Running a complex change
Run a more complex change that builds a multi-node Confluent setup in your local Kubernetes installation.
After following this guide you should know how to:
- create a project and environment
- add a remote Git repository as a project remote
- set/view properties on the environment
- view the properties used during a change
- understand how to provide a custom Dockerfile
Prerequisites
This example requires at least 4GB of ram and 50GB of disk space available on the node used to run OpsChain and the example.
If using Docker for Windows or Docker for Mac see our installation guide for more details.
Create a project
Create a new project:
opschain project create --code confluent --name 'Demo Confluent Project' --description 'My Confluent project' --confirm
Verify that your new project appears in the list:
opschain project list
Create an environment
Environments represent the logical infrastructure environments under a project (for example Development or Production).
Create a new environment:
opschain environment create --project-code confluent --code local --name 'Confluent Environment' --description 'My Confluent environment' --confirm
Verify that your new environment appears in the list:
opschain environment list --project-code confluent
Add the Confluent example as a remote to the project Git repository
Follow adding a project Git repository as a remote using the OpsChain Confluent example repository remote URL https://{username}:{personal access token}@github.com/LimePoint/opschain-examples-confluent.git.
Clone the repository
Clone the Confluent example repository onto your machine:
git clone https://{username}:{personal access token}@github.com/LimePoint/opschain-examples-confluent.git
cd opschain-examples-confluent
Deploy Kubernetes resources
kubectl apply -f k8s/namespace.yaml
This will create an opschain-confluent namespace, and assign relevant permissions to the opschain-runner role to allow it to create and destroy the Confluent deployment in it.
This step assumes you are using the default opschain Kubernetes namespace for OpsChain.
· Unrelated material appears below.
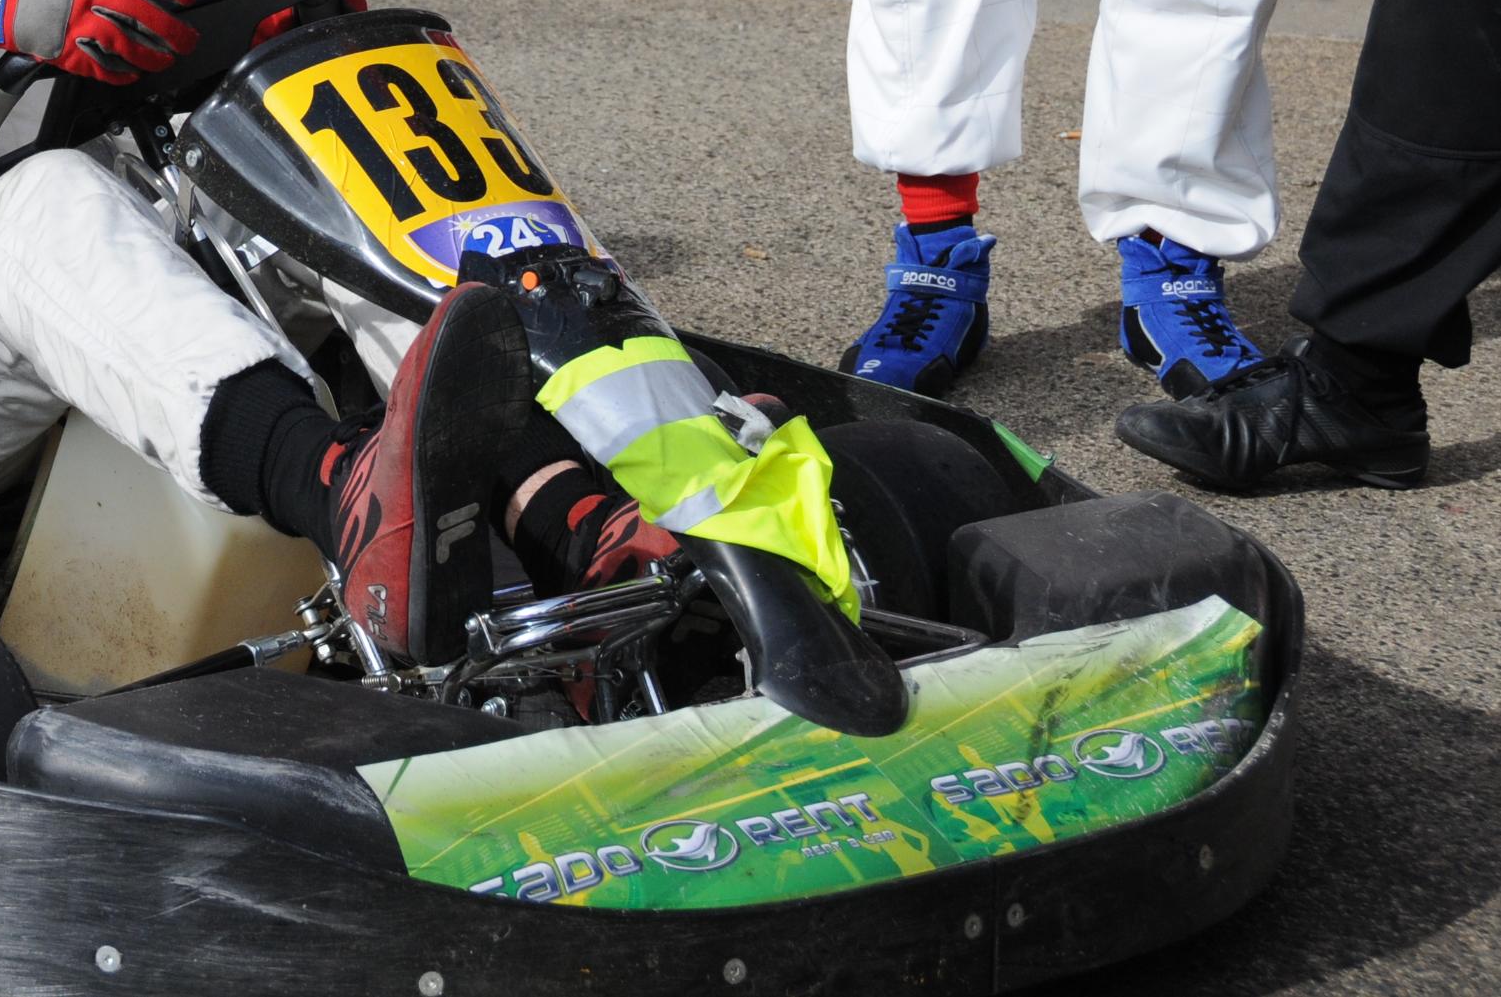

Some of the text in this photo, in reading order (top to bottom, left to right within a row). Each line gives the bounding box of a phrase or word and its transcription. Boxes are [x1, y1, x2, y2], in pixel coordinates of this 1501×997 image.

[300, 59, 555, 222] 133
[901, 271, 957, 291] sparco
[367, 584, 388, 641] FILA
You must modify the ServiceAccount namespace in k8s/namespace.yaml if this is not the case.
Build the base image
Build the base container image used by the example:
docker build -t confluent-base:latest .
The base image includes the installation files for Oracle Java 1.8 and Confluent 6.2, as well as minor changes to the pam.d configuration to support containerisation (see the Dockerfile in the project root for further details).
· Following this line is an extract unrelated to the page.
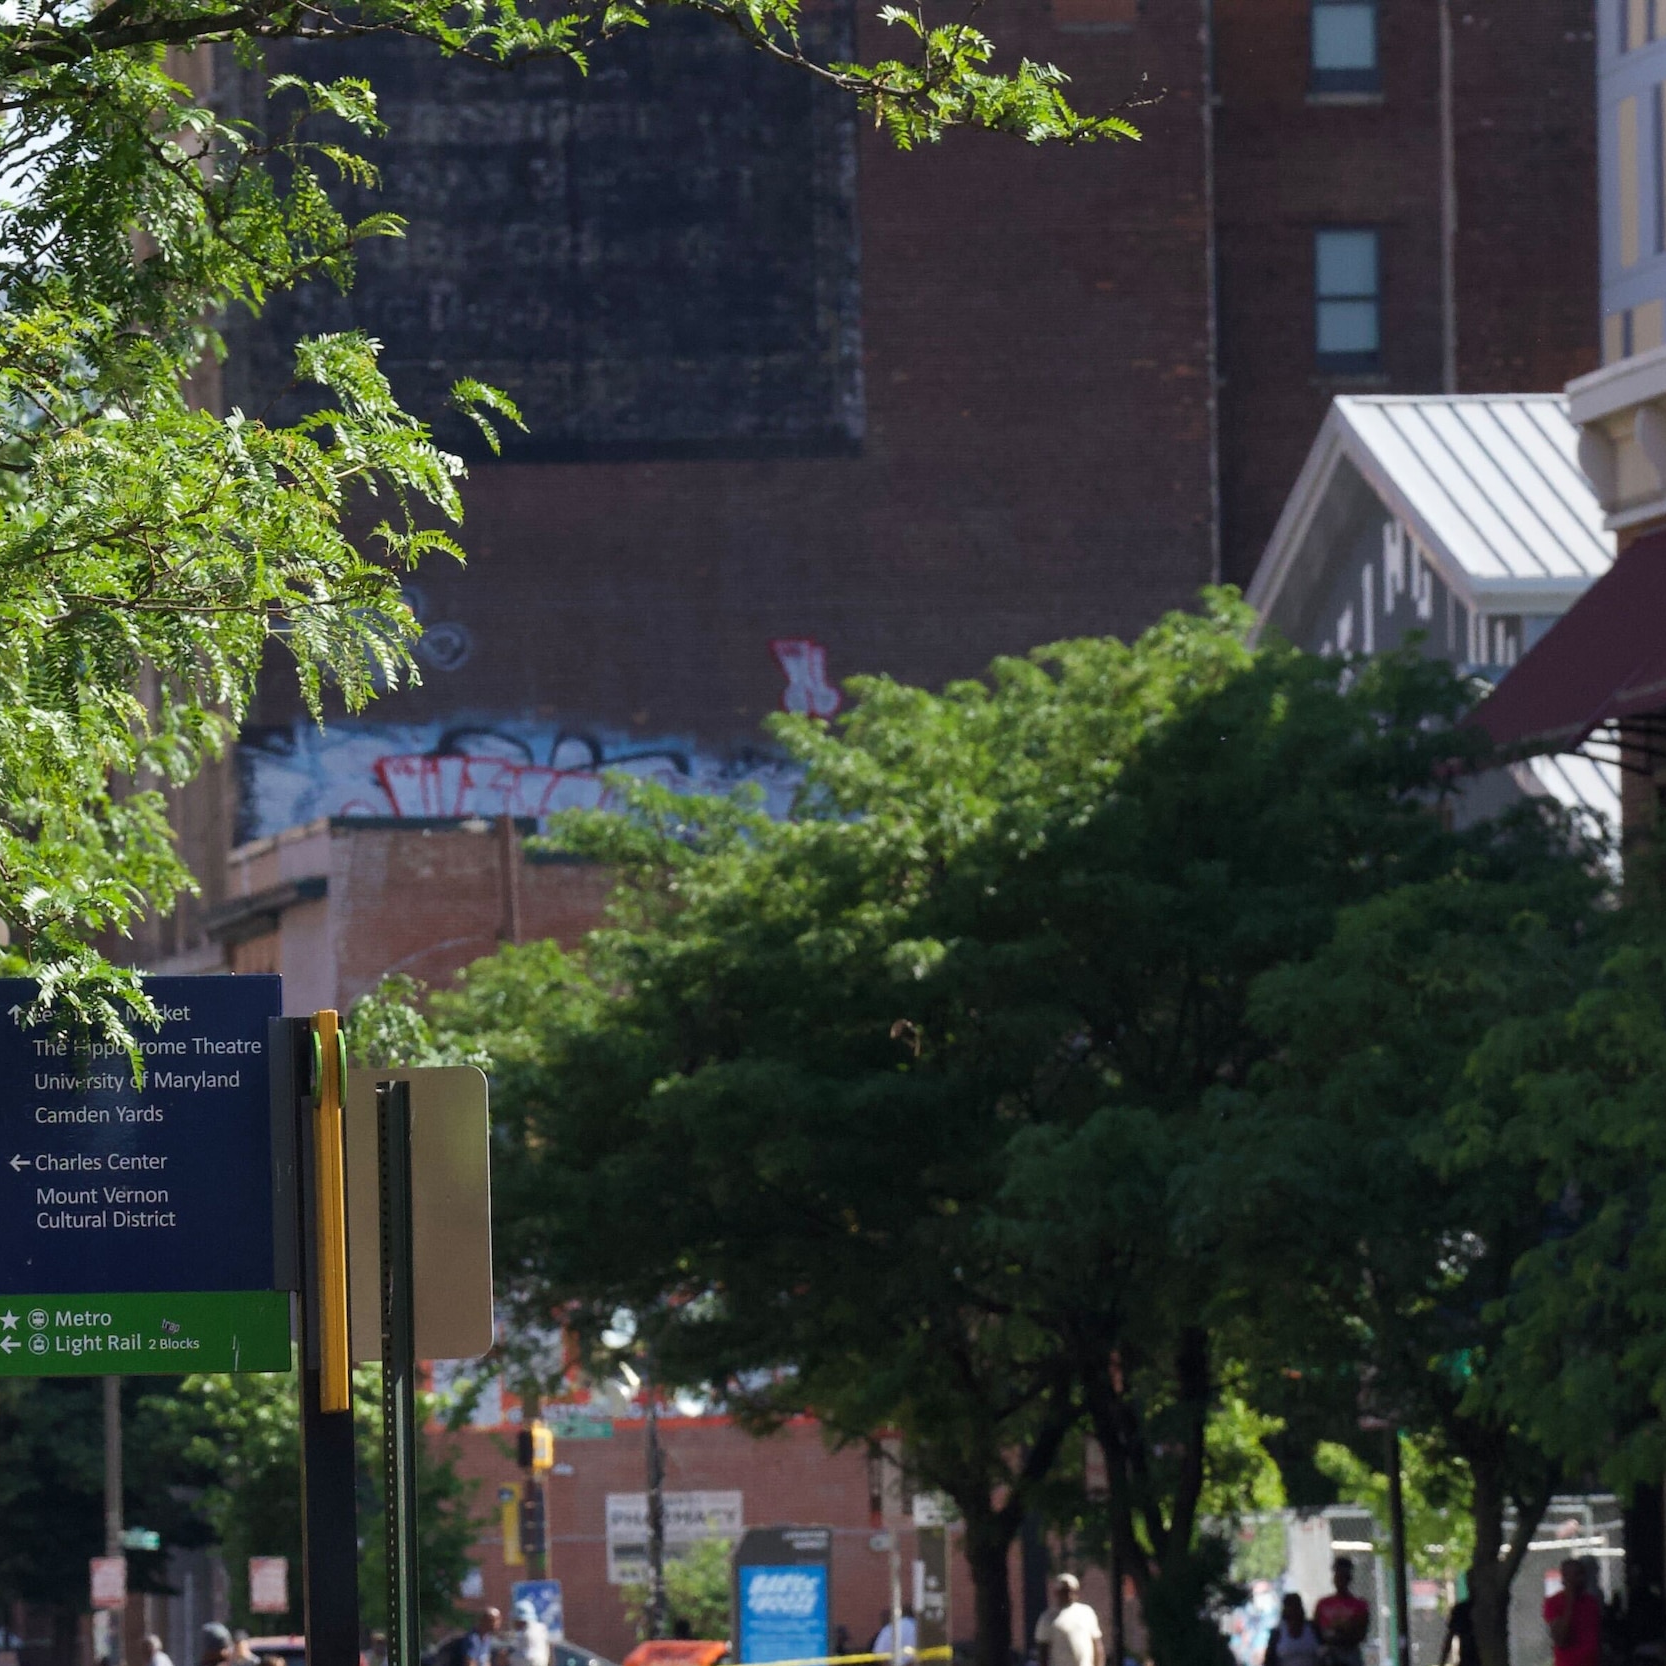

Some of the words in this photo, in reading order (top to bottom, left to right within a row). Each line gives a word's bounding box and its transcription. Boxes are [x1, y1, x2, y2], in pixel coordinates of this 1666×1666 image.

The base image is a basic Linux host running the OpenSSH daemon, allowing it to accept remote connections from OpsChain and should not be used as a basis for real world implementation.
OpsChain properties
This example takes advantage of the OpsChain properties feature of OpsChain to provide the configuration for the various Confluent servers. The .opschain/properties.json file in the Git repository provides the bulk of the configuration information. In addition, an example environment properties file is provided to highlight overriding the project repository defaults with specific values.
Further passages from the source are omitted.